When a picture appears among the records, leave it out, and copy all else exactly.

-------- Task data --------

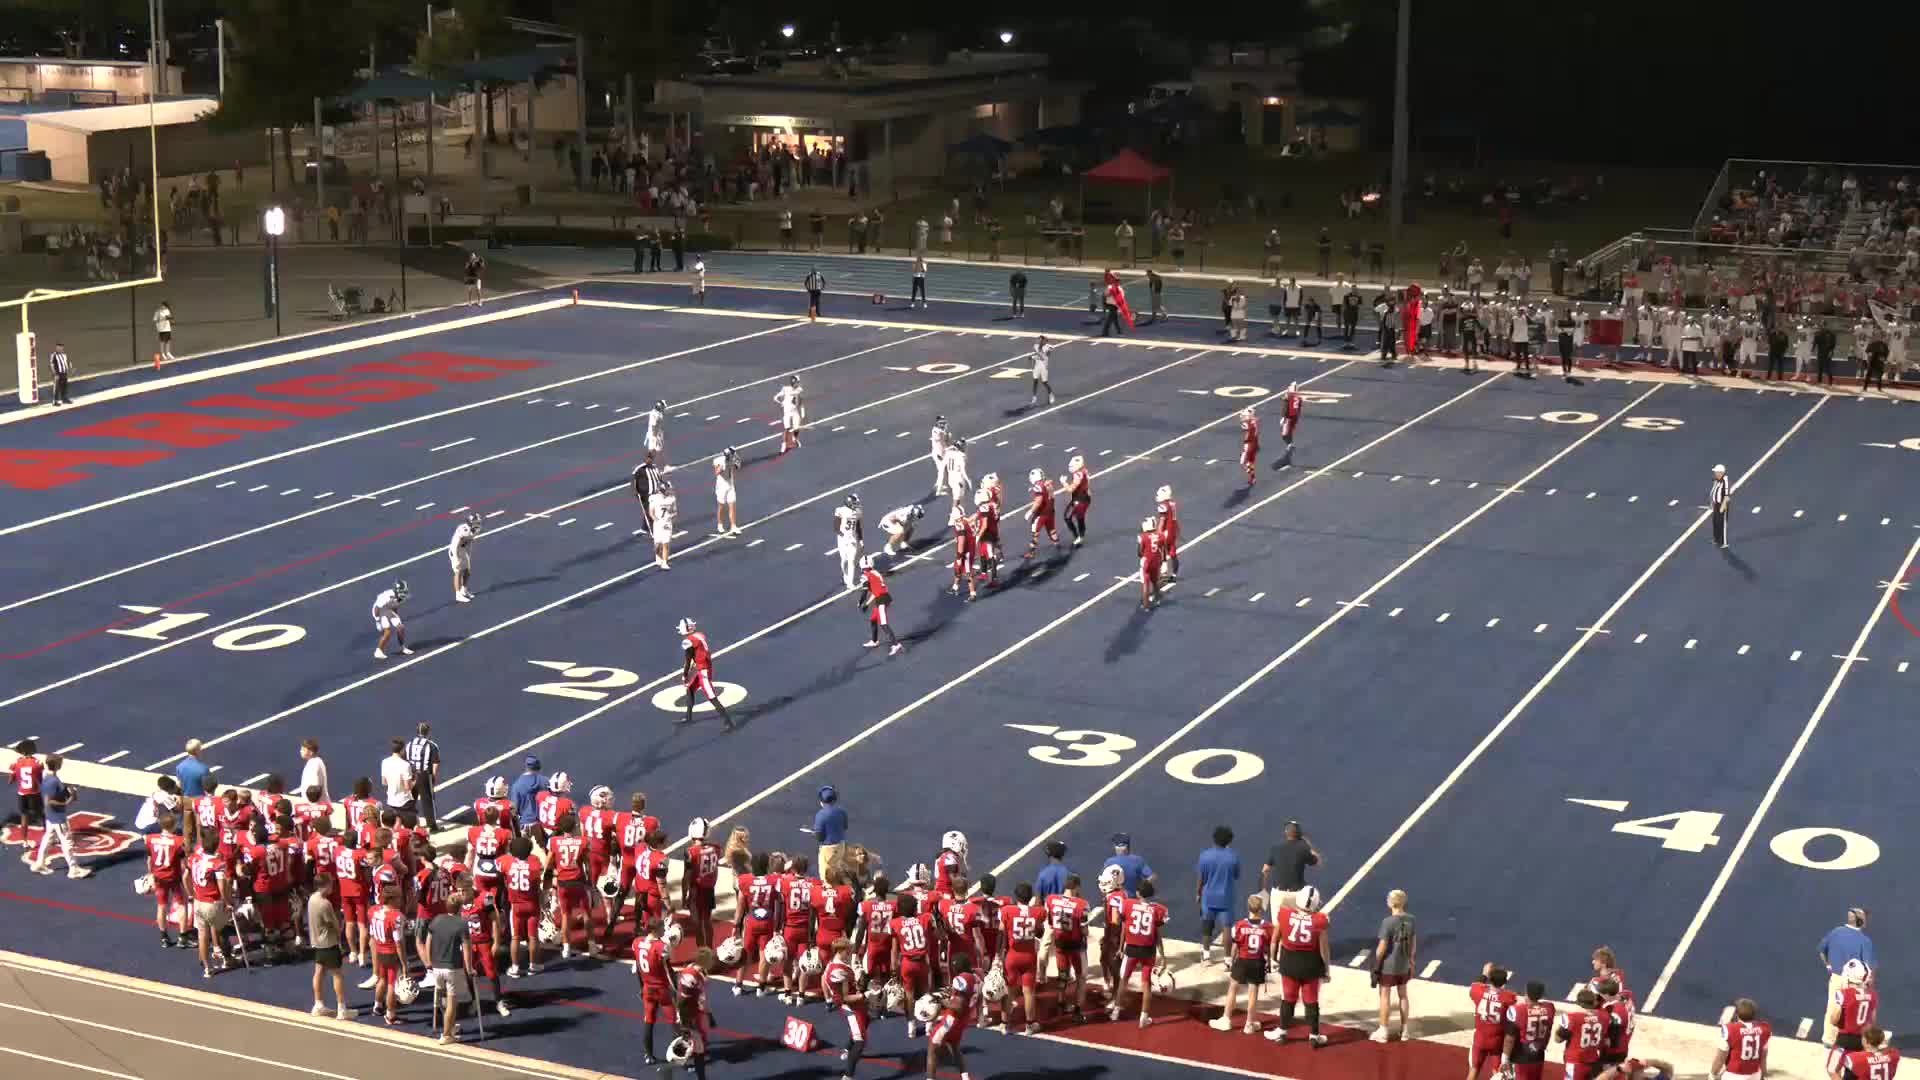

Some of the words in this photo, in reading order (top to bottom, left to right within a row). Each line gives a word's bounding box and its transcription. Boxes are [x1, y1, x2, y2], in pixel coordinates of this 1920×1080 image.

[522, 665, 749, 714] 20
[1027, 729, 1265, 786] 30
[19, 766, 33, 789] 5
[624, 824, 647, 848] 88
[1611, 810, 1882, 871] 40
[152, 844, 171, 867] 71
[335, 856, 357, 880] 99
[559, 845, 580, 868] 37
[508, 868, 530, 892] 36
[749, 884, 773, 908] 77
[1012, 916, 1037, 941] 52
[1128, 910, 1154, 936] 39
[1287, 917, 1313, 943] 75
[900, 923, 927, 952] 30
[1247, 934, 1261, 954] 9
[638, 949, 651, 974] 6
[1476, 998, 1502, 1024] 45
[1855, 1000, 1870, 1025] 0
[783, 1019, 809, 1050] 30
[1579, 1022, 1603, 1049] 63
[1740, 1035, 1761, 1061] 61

--------

Expected answer.
Some of the words in this photo, in reading order (top to bottom, left to right within a row). Each line gives a word's bounding box and its transcription. Boxes are [x1, y1, x2, y2], in pixel coordinates of this 1920×1080 image.

[522, 665, 749, 714] 20
[1027, 729, 1265, 786] 30
[19, 766, 33, 789] 5
[624, 824, 647, 848] 88
[1611, 810, 1882, 871] 40
[152, 844, 171, 867] 71
[335, 856, 357, 880] 99
[559, 845, 580, 868] 37
[508, 868, 530, 892] 36
[749, 884, 773, 908] 77
[1012, 916, 1037, 941] 52
[1128, 910, 1154, 936] 39
[1287, 917, 1313, 943] 75
[900, 923, 927, 952] 30
[1247, 934, 1261, 954] 9
[638, 949, 651, 974] 6
[1476, 998, 1502, 1024] 45
[1855, 1000, 1870, 1025] 0
[783, 1019, 809, 1050] 30
[1579, 1022, 1603, 1049] 63
[1740, 1035, 1761, 1061] 61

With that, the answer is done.